Insomnia Coffee Company
- Industry: Coffee Company
- Founded: 1997 (Ireland)
- Headquarters: Dublin, Ireland
- Key people: John Clohisey (Chairman), Harry O Kelly (CEO)
- Revenue: €36.77m (2019) €30.9 million (2018) €28.7 million (2017)
- Owner: Insomnia Ltd
- Parent: BHJ Holdings
- Website: www.insomnia.ie

= Insomnia Coffee Company =

Irish coffee chain

Insomnia Coffee Company is an Irish chain of coffee shops, with headquarters in Dublin. Its first location opened in the back of a Galway bookshop in August 1997. The company has over 150 cafés and over 400 self-service units in operation around Ireland. Insomnia outlets serve both hot and cold drinks, coffee, sandwiches, salads, soups, snacks, cakes, and pastries.

==History==
Insomnia has grown from a single location in an Eason & Son bookshop in Galway in 1997 to an estate of over 150 coffee shops with both directly-owned and franchised outlets, and through partnerships with SPAR/Eurospar, Mace and Londis as well as other Irish retailers such as Eason & Son, Fresh, Meadows & Byrne, Maxol and Penneys.

In 2003, the company merged with the sandwich company Bendini & Shaw. In 2005, Insomnia acquired the Perk coffee chain.

From 2006-2017, the company was equally owned by chairman Bobby Kerr, CEO Harry O’Kelly, and John Clohisey. In 2010, O'Kelly was appointed CEO and Kerr became chairman. In December 2017, Kerr left the business and sold his shares to the other shareholders. That same month, Clohisey became chairman, CFO Barry Kehoe joined the Board of Directors, and Dara O'Flynn joined as COO.

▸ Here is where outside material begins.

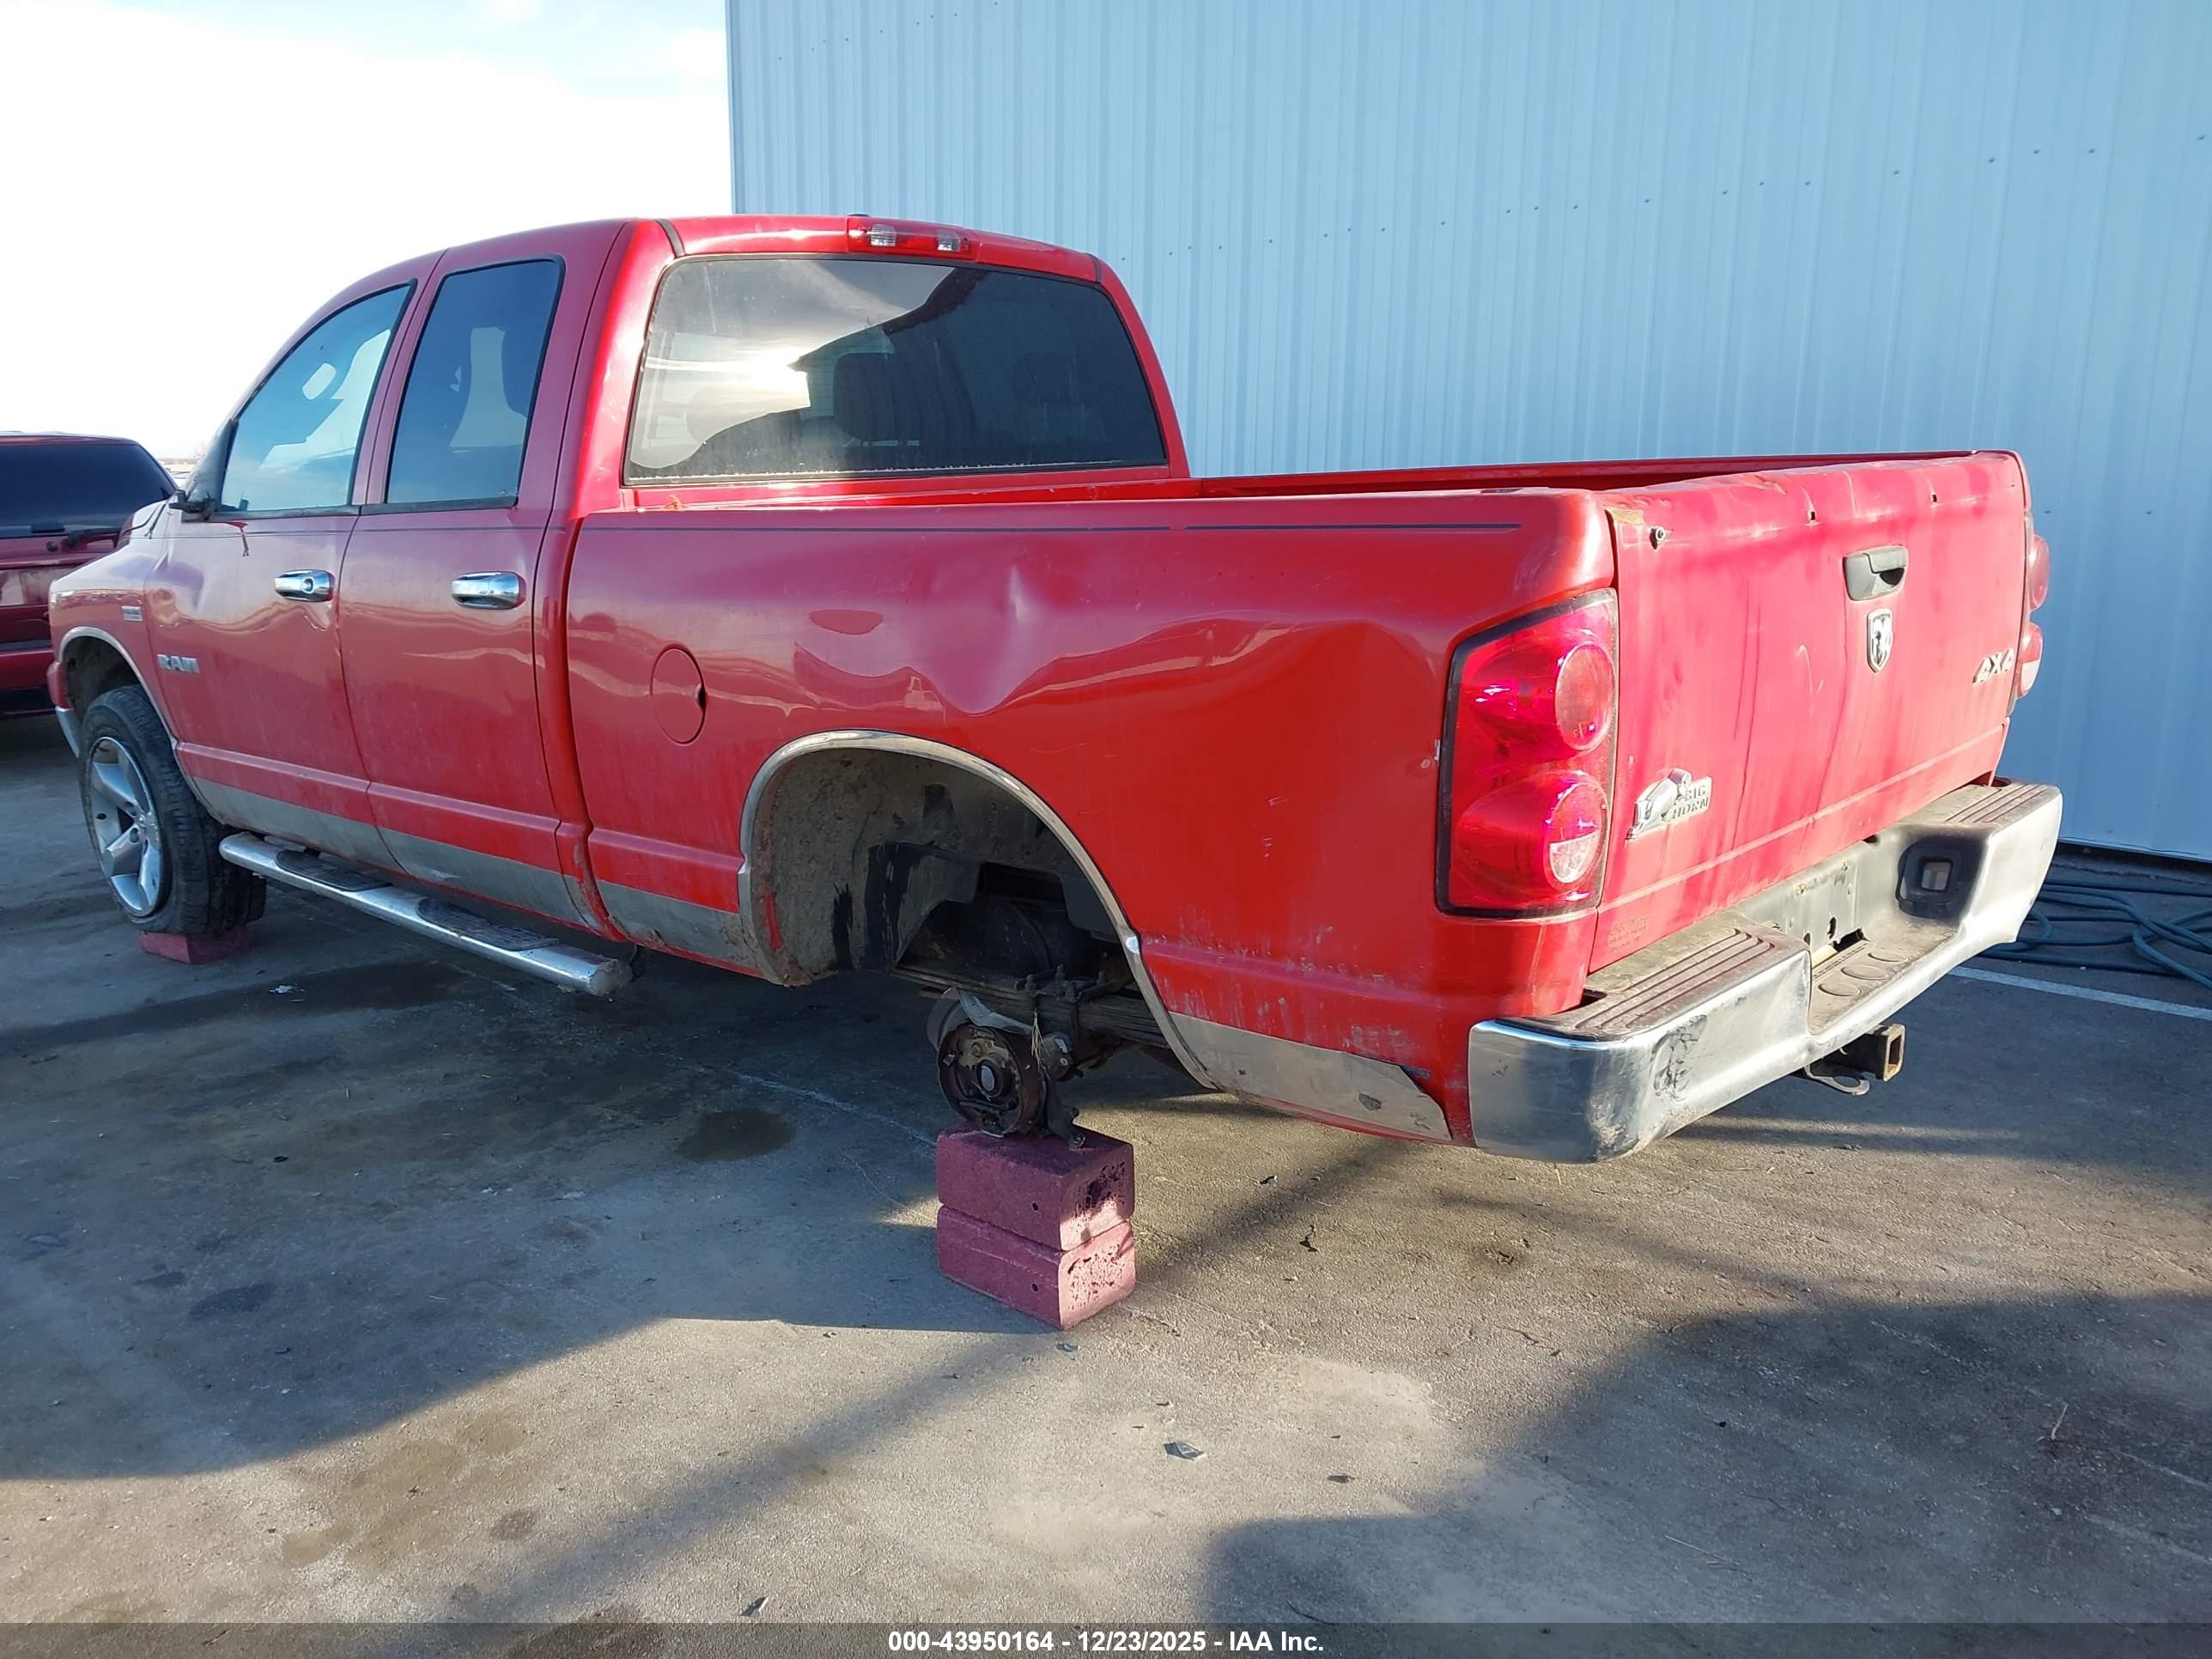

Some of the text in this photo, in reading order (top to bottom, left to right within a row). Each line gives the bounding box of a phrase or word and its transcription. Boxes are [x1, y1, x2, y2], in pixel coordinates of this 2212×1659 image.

[156, 653, 200, 673] RAM
[1686, 784, 1706, 799] BIG
[1672, 796, 1709, 819] HORN

In April 2012, the Insomnia high street franchise was launched. The first franchise café opened in 2013 in St Stephen's Green Shopping Centre, Dublin. In 2015, the company announced a new partnership with Primark, an Irish-based retail chain, which trades in Ireland as Penneys. In 2015, three Insomnia concession cafés were rolled out at Penneys in Waterford, Swords and Athlone, with Liffey Valley opening in 2016.

In 2015, Insomnia expanded to the United Kingdom, with a café opening in Market Harborough. It continued to expand in 2016, opening three more UK cafés in Calver, Laceby and Bromley, which was the first of seven cafés in partnership with Primark. As of September 2022, Insomnia has over 100 cafés in the UK, having most recently opened an outlet in Eastham, Wirral in 2022, in partnership with the Central England Co-operative.

In 2016, a new franchise partnership developed between Insomnia and Maxol, which saw the first outlet opening in Mulhuddart Service Station in April 2016. In 2018, Insomnia's first coffee drive-thru opened in partnership with Maxol at Maxol Ballycoolin in the heart of the Dublin Enterprise Zone.

==Products==
Insomnia offers a range of beverages, including tea, coffee and hot chocolate. It also offers food options, including sandwiches, filled baguettes, panini, focaccia, flatbreads, wraps, ciabattas, salads and soups.